▸ **Work to be completed**
Every entry below must be repeated exactly; skip the pictures.

[[ Material for the task open ]]

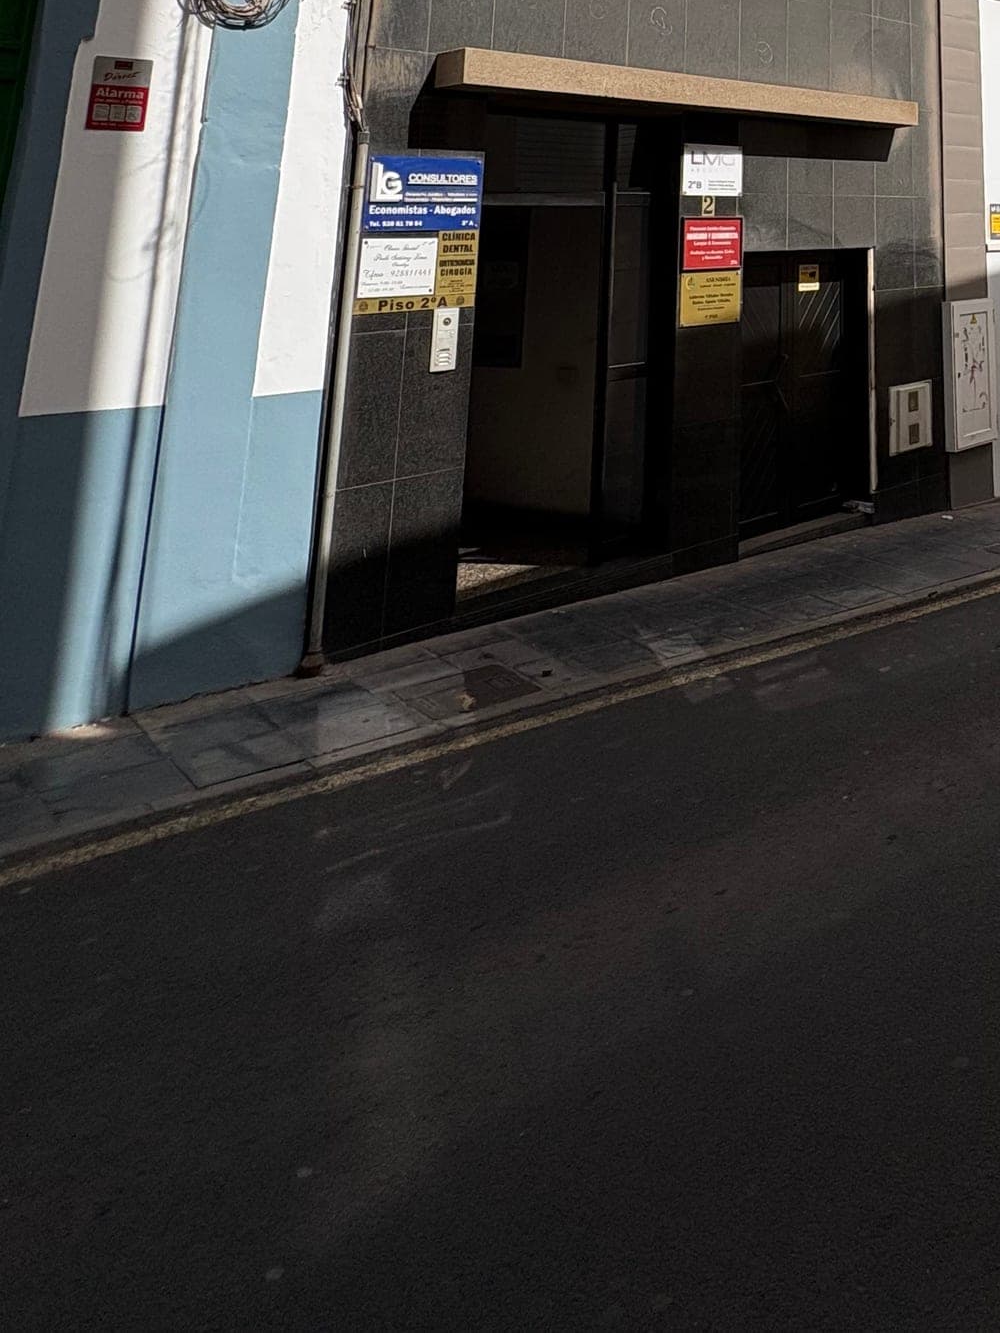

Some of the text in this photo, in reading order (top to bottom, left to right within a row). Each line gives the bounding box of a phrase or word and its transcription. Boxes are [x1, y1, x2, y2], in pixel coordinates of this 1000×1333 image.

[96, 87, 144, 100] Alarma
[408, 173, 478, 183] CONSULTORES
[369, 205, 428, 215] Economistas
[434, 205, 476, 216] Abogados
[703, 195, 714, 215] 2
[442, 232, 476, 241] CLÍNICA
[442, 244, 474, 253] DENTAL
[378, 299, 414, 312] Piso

[[ Material for the task closed ]]

▸ **Answer area**
Some of the text in this photo, in reading order (top to bottom, left to right within a row). Each line gives the bounding box of a phrase or word and its transcription. Boxes are [x1, y1, x2, y2], in pixel coordinates of this 1000×1333 image.

[96, 87, 144, 100] Alarma
[408, 173, 478, 183] CONSULTORES
[369, 205, 428, 215] Economistas
[434, 205, 476, 216] Abogados
[703, 195, 714, 215] 2
[442, 232, 476, 241] CLÍNICA
[442, 244, 474, 253] DENTAL
[378, 299, 414, 312] Piso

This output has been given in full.